Adult. Photo by Nigel Blake
Bedfordshire, UK, December 2006
Cyanistes caeruleus

Parus caeruleus


11–12 cm (4¼-4¾ in)

  • Yellow and green
  • Blue cap
  • White face
  • Black eye stripe


The commonest European tit, abundant and widespread across much of the Western Palearctic. Breeds in the British Isles, France, and Iberia east to Caspian reaching north to about 67 degrees north in Norway and 62 degrees north in Russia. Occurs along the whole of the northern coast of the Mediterranean and most of the major islands, over most of Turkey (except southeast), the southern Crimea and the Caucasus. Vagrant to Malta and on Mount Hermon in Israel.
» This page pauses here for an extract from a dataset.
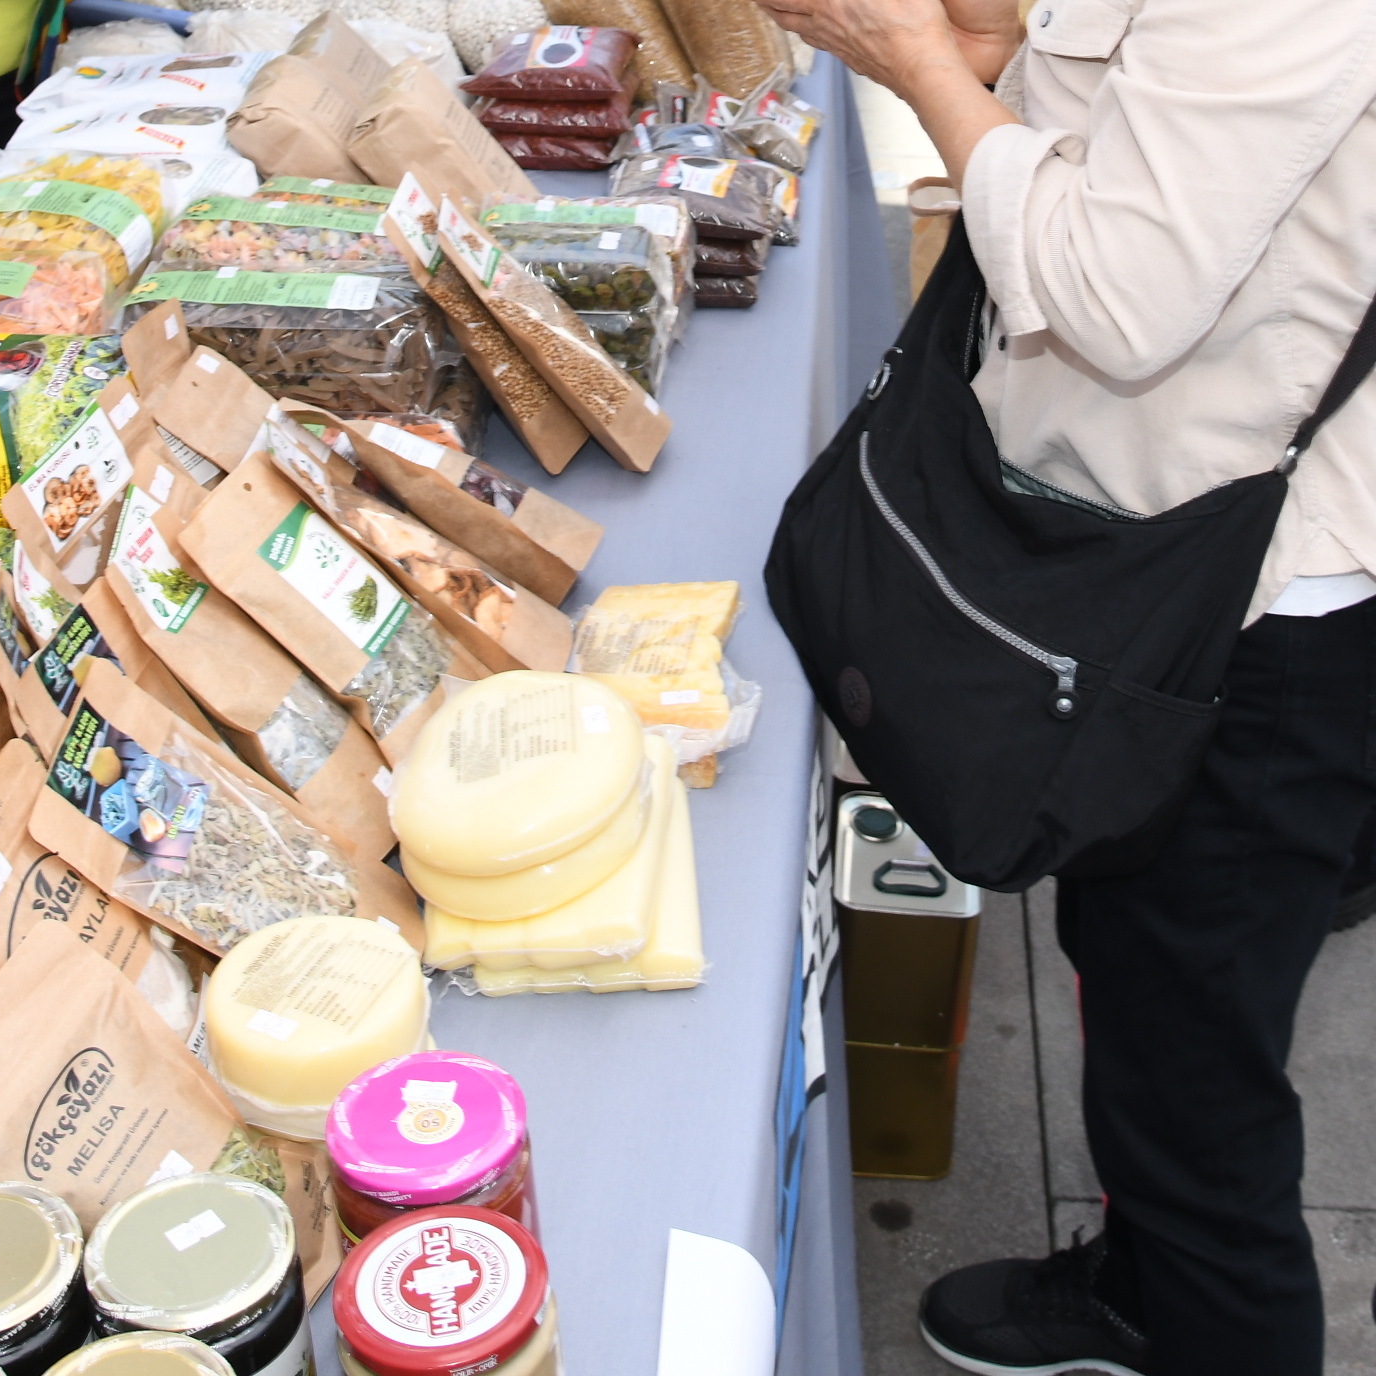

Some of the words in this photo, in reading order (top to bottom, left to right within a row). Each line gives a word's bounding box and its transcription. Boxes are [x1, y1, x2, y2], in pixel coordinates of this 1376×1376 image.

Mainly resident but irruptive in parts of range and an altitudinal migrant in others.

Nominate subspecies caeruleus is a rare but regular winter visitor to Britain.


Photo by stevelin
Ireland, June 2010

Birds breeding in the Canary Islands, across northwest Africa and in northeast Libya are now separated as African Blue Tit (Cyanistes teneriffae)

Hybridizes with Azure Tit where ranges overlap.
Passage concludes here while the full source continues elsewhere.